Description of the task
Output all of the records word for word and drop the images.

Start of Information given

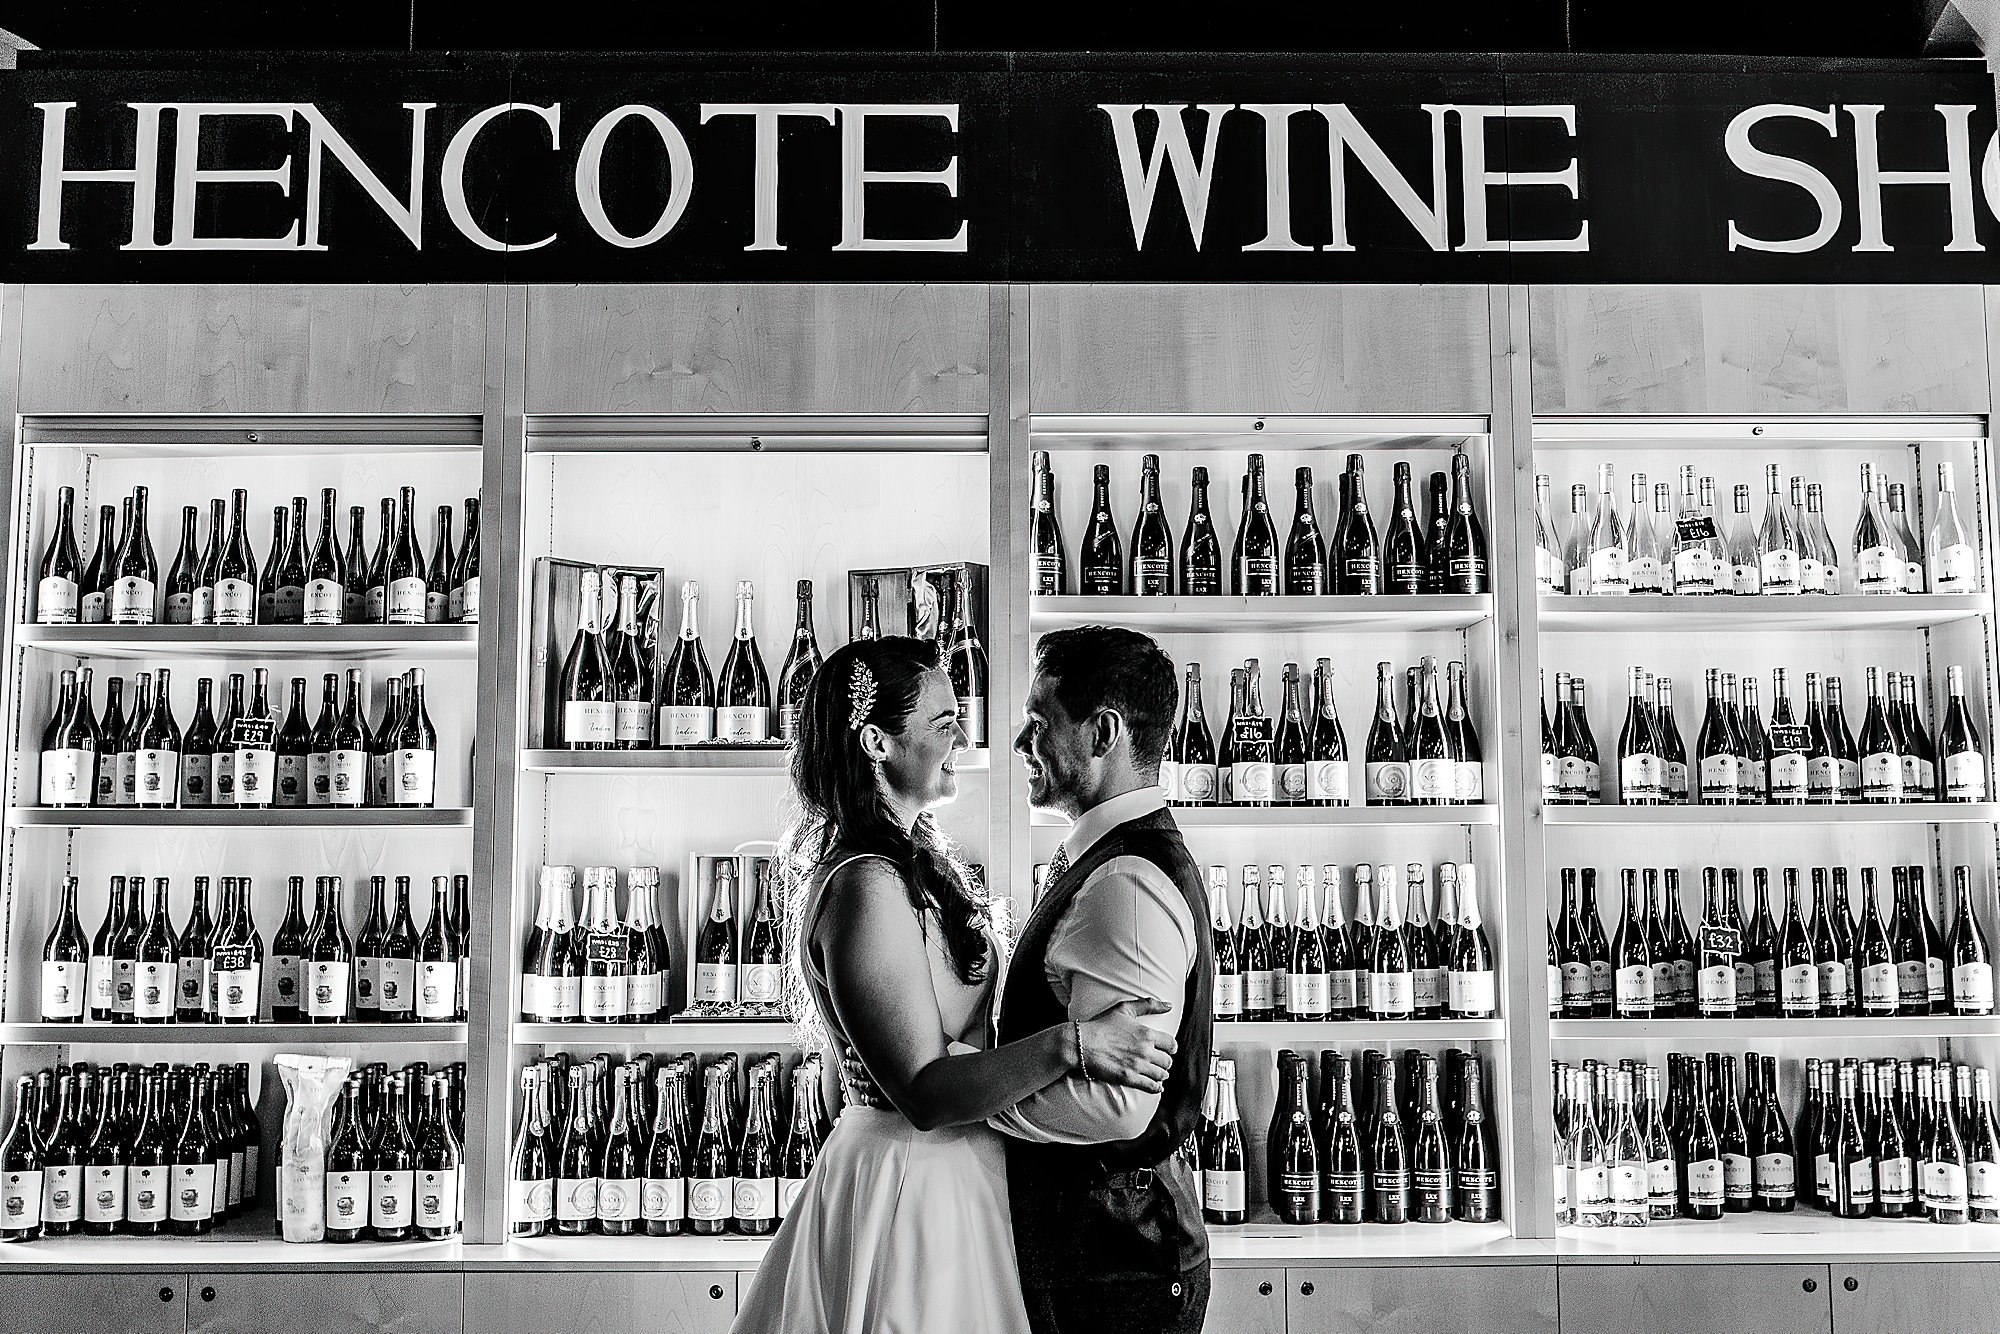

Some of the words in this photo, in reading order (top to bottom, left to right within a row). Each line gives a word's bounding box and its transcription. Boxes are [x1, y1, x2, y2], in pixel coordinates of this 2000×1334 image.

[27, 101, 969, 253] HENCOTE
[1097, 102, 1590, 253] WINE
[1725, 102, 2000, 253] SH
[1689, 527, 1710, 539] £16
[244, 729, 264, 742] £29
[1240, 726, 1263, 740] £16
[1782, 735, 1802, 748] £19
[1708, 932, 1734, 949] £32
[598, 946, 618, 959] £28
[223, 956, 245, 969] £38
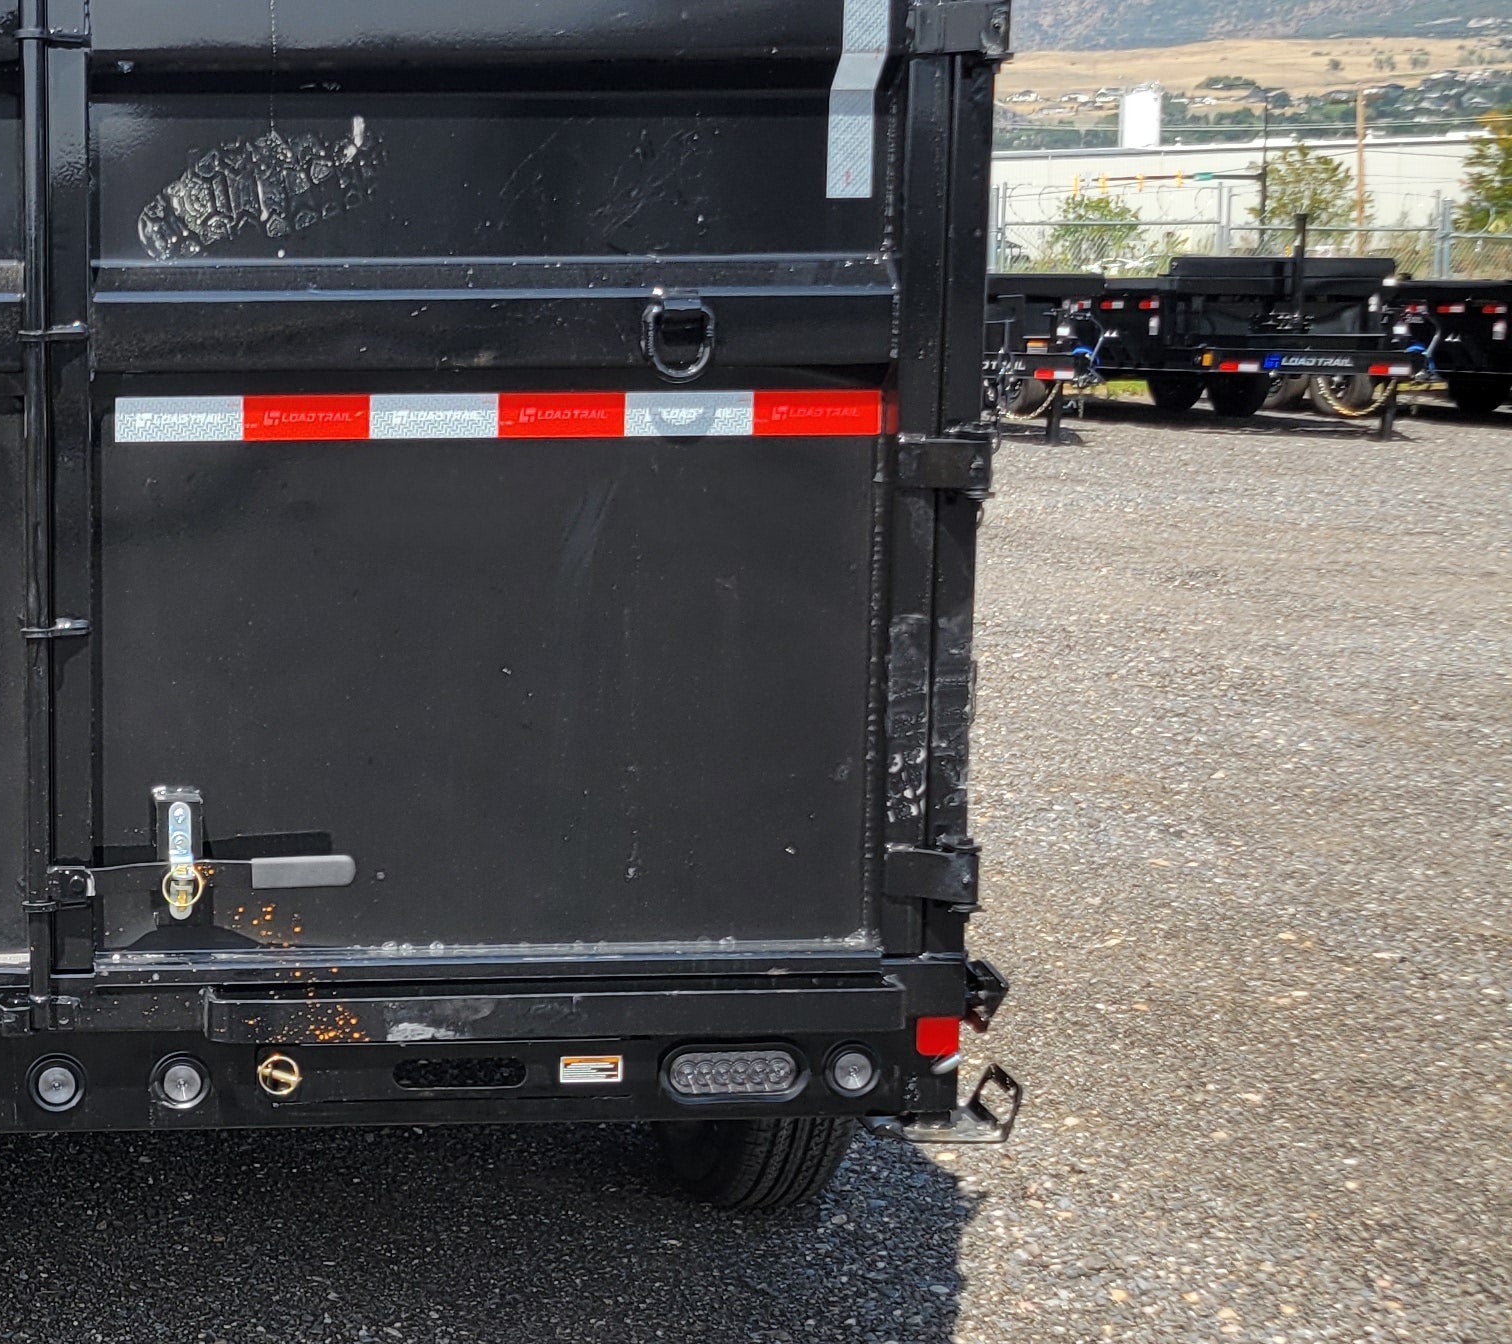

End of Information given

Result
Some of the words in this photo, in reading order (top to bottom, left to right within a row). Each line gives a word's bounding box and its transcription. Boxes are [x1, y1, x2, y2], in pixel coordinates of this 2000×1334 image.

[27, 101, 969, 253] HENCOTE
[1097, 102, 1590, 253] WINE
[1725, 102, 2000, 253] SH
[1689, 527, 1710, 539] £16
[244, 729, 264, 742] £29
[1240, 726, 1263, 740] £16
[1782, 735, 1802, 748] £19
[1708, 932, 1734, 949] £32
[598, 946, 618, 959] £28
[223, 956, 245, 969] £38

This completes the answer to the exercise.